(Brief): Word for word, restate each entry in the listing below.

==============================

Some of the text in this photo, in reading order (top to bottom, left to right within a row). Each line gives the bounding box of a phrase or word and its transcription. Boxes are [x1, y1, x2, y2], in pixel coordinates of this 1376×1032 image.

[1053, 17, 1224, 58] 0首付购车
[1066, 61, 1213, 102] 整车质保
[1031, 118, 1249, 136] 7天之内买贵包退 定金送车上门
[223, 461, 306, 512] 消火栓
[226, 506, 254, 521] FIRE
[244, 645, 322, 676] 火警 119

==============================

(Output of the exercise):
Some of the text in this photo, in reading order (top to bottom, left to right within a row). Each line gives the bounding box of a phrase or word and its transcription. Boxes are [x1, y1, x2, y2], in pixel coordinates of this 1376×1032 image.

[1053, 17, 1224, 58] 0首付购车
[1066, 61, 1213, 102] 整车质保
[1031, 118, 1249, 136] 7天之内买贵包退 定金送车上门
[223, 461, 306, 512] 消火栓
[226, 506, 254, 521] FIRE
[244, 645, 322, 676] 火警 119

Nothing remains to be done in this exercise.